Les chiffres clés en 2022
- 104 femmes ont été tuées par le conjoint ou ex-conjoint en France selon une enquête d'Ouest-France
- Dans le Rhône, Cinq femmes ont été victimes d'un féminicide
- 797 auteurs de violences conjugales ont été déférés devant le parquet immédiatement après leur garde-à-vue
- 175 femmes ont bénéficié d'un téléphone grave danger, contre 106 en 2021
- 14 bracelets anti-rapprochement ont été attribués à des auteurs de violences conjugales
Au cours de ce processus d'accompagnement, "de cheminement vers le départ", l'étape du dépôt de plainte est cruciale. Avec la suppression des mains courantes, il est le seul recours possible pour saisir la justice. "On ne force personne à déposer plainte", insiste toutefois Catherine Heranney, d'autant que le parquet de Lyon peut agir sans plainte s'il y a flagrance. La parole elle, se libère, petit à petit. En 2022 dans le Rhône, plus de 6 600 procédures pour des situations de violences intrafamiliales ont été engagées, presque 20 par jour. "Le signe que l'on identifie plus de situations de violences", assure Nicolas Jacquet à Lyon Capitale.

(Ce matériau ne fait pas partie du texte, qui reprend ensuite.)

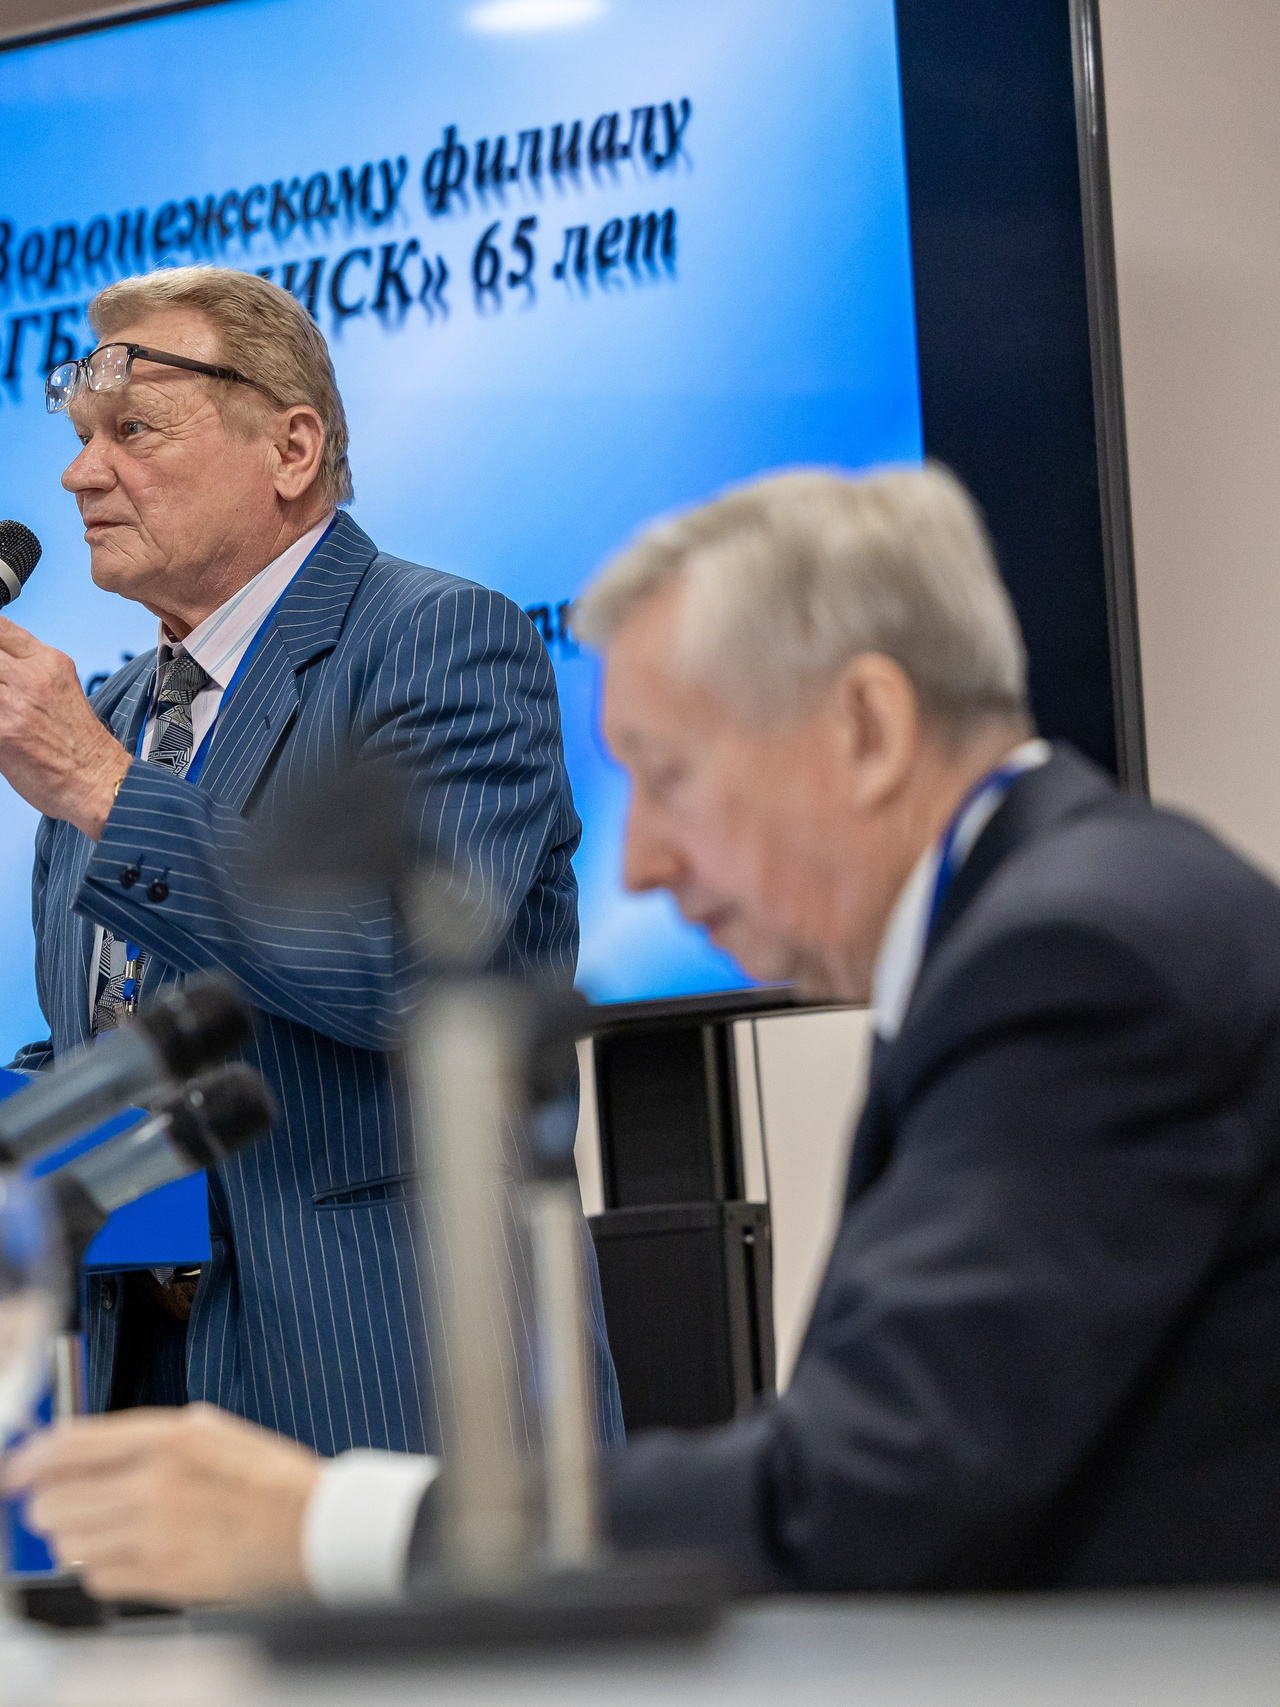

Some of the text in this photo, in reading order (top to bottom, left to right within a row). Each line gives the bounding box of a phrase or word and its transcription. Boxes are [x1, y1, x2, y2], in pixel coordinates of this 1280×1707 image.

[422, 96, 692, 214] филиалу
[256, 238, 450, 320] ИСК»
[473, 215, 538, 288] 65
[553, 207, 677, 280] лет

6 600 procédures pour violences intrafamiliales dans le Rhône en 2022
S'il est souvent une étape difficile, le dépôt de plainte reste essentiel "parce que nous sommes convaincus que c'est par la judiciarisation de la parole que l'on arrivera à faire évoluer les comportements, à sanctionner les auteurs et à protéger les victimes, explique le procureur de Lyon. Et d'ajouter : Aujourd'hui, dès lors que l'on a un élément qui permet de penser que l'on est dans une situation de violences conjugales, même s'il n'y a pas de dépôt de plainte, les victimes sont systématiquement orientées vers des associations."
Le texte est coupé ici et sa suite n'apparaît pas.